[[ EXCERPTED RECORDS open ]]

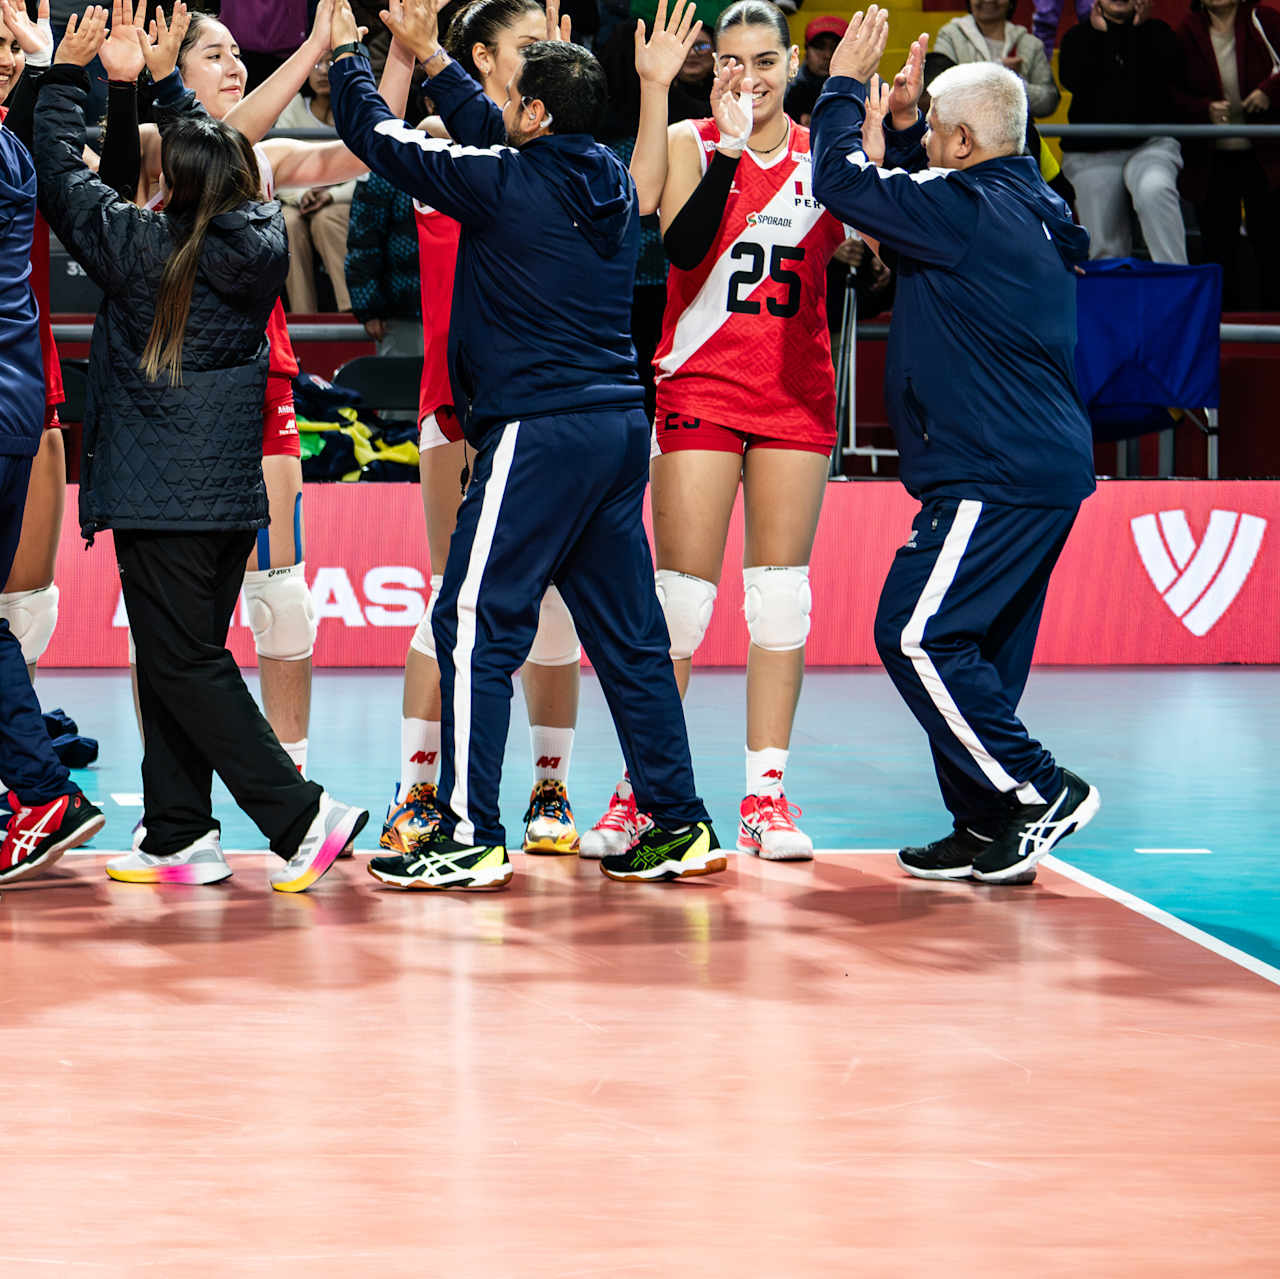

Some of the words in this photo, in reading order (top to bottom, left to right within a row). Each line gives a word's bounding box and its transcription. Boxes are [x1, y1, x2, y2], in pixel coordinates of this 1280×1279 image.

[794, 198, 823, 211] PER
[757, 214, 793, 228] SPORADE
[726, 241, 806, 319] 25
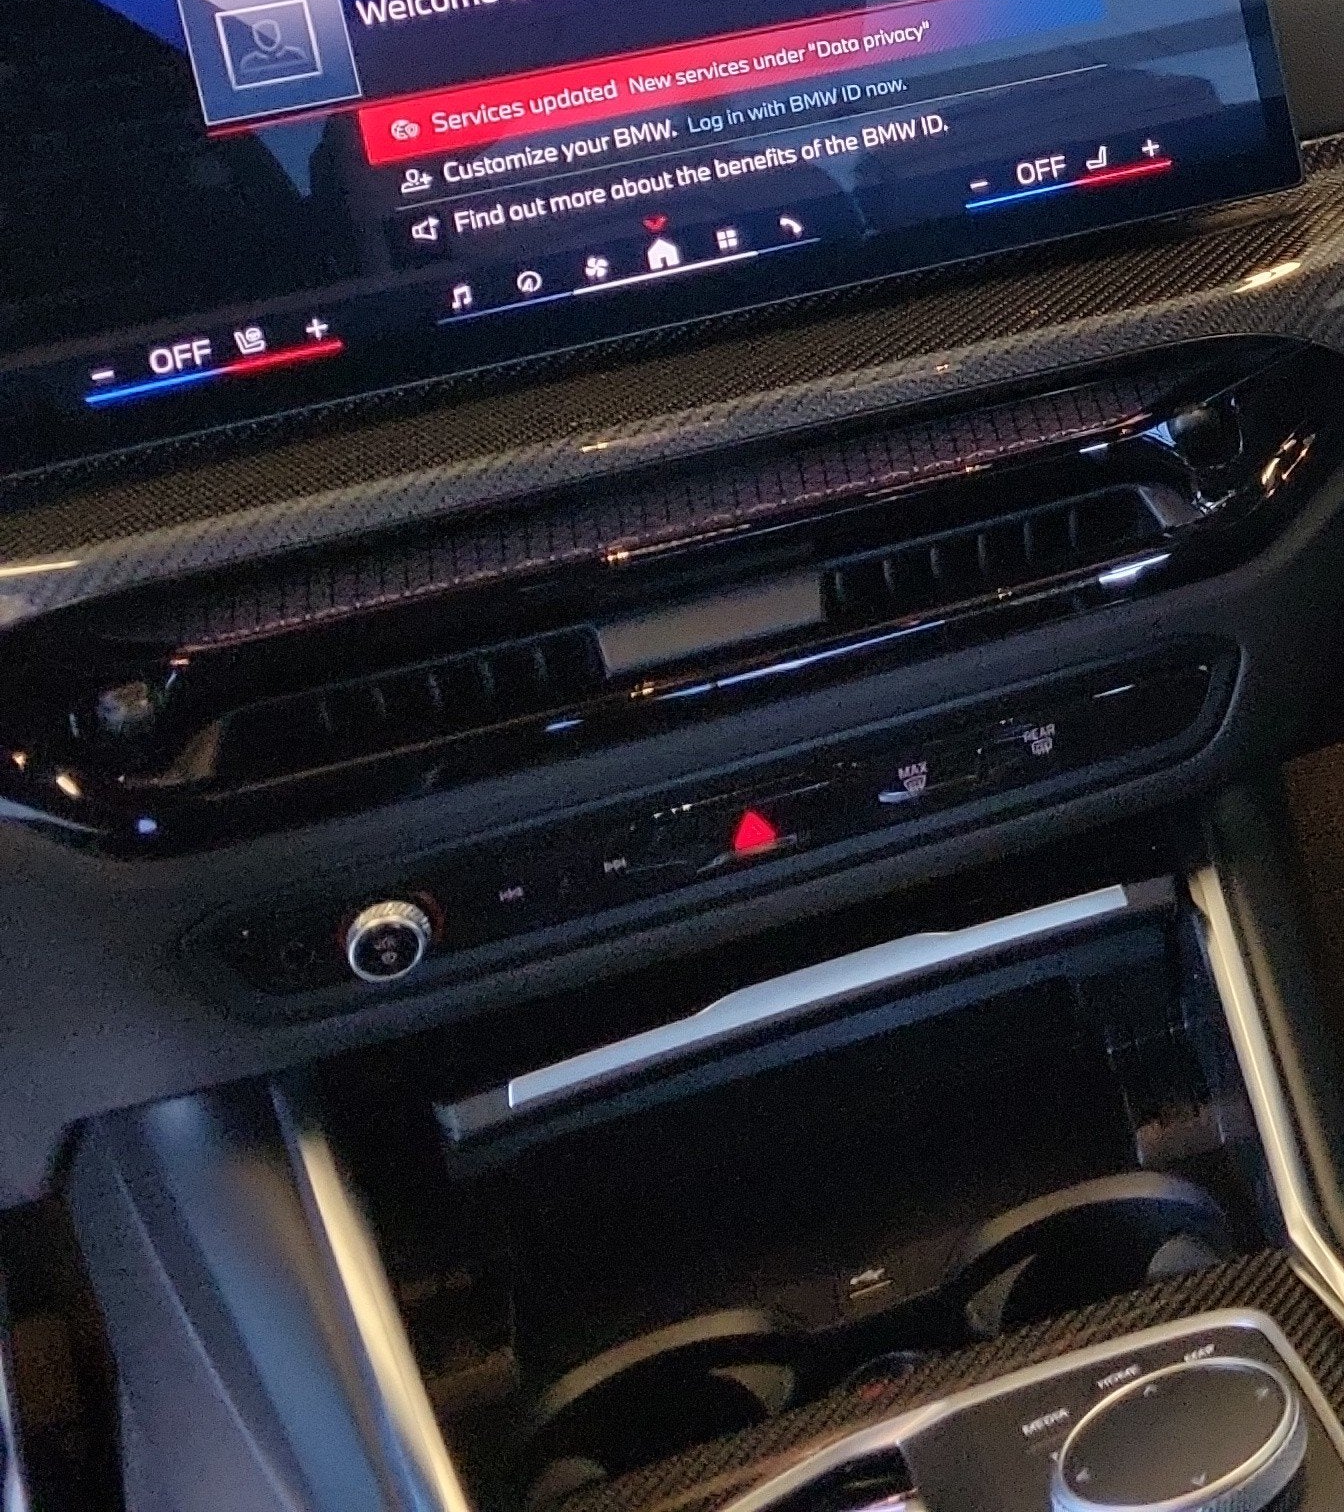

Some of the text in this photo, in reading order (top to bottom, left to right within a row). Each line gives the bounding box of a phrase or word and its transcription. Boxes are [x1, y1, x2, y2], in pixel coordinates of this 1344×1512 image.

[[ EXCERPTED RECORDS closed ]]

Copy all records exactly; omit images.

Some of the words in this photo, in reading order (top to bottom, left to right within a row). Each line gives a word's bounding box and its transcription. Boxes are [x1, y1, x2, y2], in pixel coordinates of this 1280×1279 image.

[794, 198, 823, 211] PER
[757, 214, 793, 228] SPORADE
[726, 241, 806, 319] 25

Some of the text in this photo, in reading order (top to bottom, left to right within a row). Each line gives the bounding box of a phrase or word and its transcription. Boxes are [x1, y1, x2, y2], in pixel coordinates of this 1344×1512 image.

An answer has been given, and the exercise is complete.